Manon est une jolie jeune femme, mais elle ne se soucie guère de son apparence.
Elle vit dans un village en haute Provence. Sa maison se situe un peu à l’écart de l’agglomération.
C’est une bâtisse de caractère, très enviée par les riches estivants qui investissent la région en provenance de climats moins ensoleillés.
En général, en visite pendant un été ils tombent sous le charme de la région et commencent à se mettre à la recherche d’un endroit où se poser. Ils désirent se fixer, en prévision des jours où ils pourront enfin souffler, autrement dit à la retraite. Mais la contrée dégage un tel charme qu’elle est aussi protégée. Il ne suffit pas de trouver un terrain, encore faut-il qu’il ait abrité autrefois un édifice, quel qu’il soit. Ils sont prêts à acheter le moindre cabanon même si le toit est effondré, les restes d’une bergerie de château, puisque de toute façon ils raseront tout pour reconstruire selon leurs goûts souvent somptuaires.
Mille fois, on sonne à la porte de Manon.
Pardon, madame, ne connaîtriez-vous pas quelqu’un qui voudrait vendre sa maison ou sa vieille masure ? Manon répond avec patience et gentillesse à ces touristes de plus en plus inopportuns. Lorsqu’il fait aussi chaud, elle leur offre un rafraîchissement : le jus des citrons produit par le bel arbuste dont elle prend grand soin. Un jour, un visiteur plus audacieux, plus entreprenant, finit par avancer une proposition d’achat.

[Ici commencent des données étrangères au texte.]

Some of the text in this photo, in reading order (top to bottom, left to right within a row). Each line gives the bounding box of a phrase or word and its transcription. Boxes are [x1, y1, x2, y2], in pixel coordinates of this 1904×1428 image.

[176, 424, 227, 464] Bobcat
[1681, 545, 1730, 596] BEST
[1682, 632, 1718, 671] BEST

— Une jeune femme comme vous devrait vivre à la ville non ? Avec ce que je vous propose pour votre maison, vous pourriez aller vous établir pour ouvrir une boutique.
Mais Manon secoue sa jolie tête.
Cette maison vibre au profond de son âme. Le portillon de l’entrée délimite la frontière entre le monde commun et elle. Il s’étend du clos de son jardin au vaste grenier rempli de trésors, de la remise au petit bassin plein du chant des grenouilles l’été. Depuis la roseraie au grand cèdre, tout un univers vit et respire pour elle.
Depuis son âge le plus tendre, elle connaît chaque pierre, chaque fleur, et même les habitants de ces fleurs, abeilles, hannetons, sauterelles, moineau ou tourterelle. Selon les saisons, elle voit passer merles et hirondelles, voleter ou striduler papillons et cigales. Elle est le bijou de cet écrin.
Un bijou, mais brut.
Depuis la disparition de ses parents, elle est devenue la seule maîtresse des lieux.
À vingt ans elle a épousé Jeannot son ami d’enfance, celui avec qui elle a appris à monter à vélo, à nager dans la rivière, à soigner les bobos, puis avec lui, a entrepris des études d’infirmière.
Pour la première fois, il l’a fait pleurer lorsqu’il lui a annoncé qu’il voulait s’engager dans l’armée. Puis elle s’est habituée. De temps en temps, il vit à ses côtés et le plus souvent il s’absente, appelé par une mission.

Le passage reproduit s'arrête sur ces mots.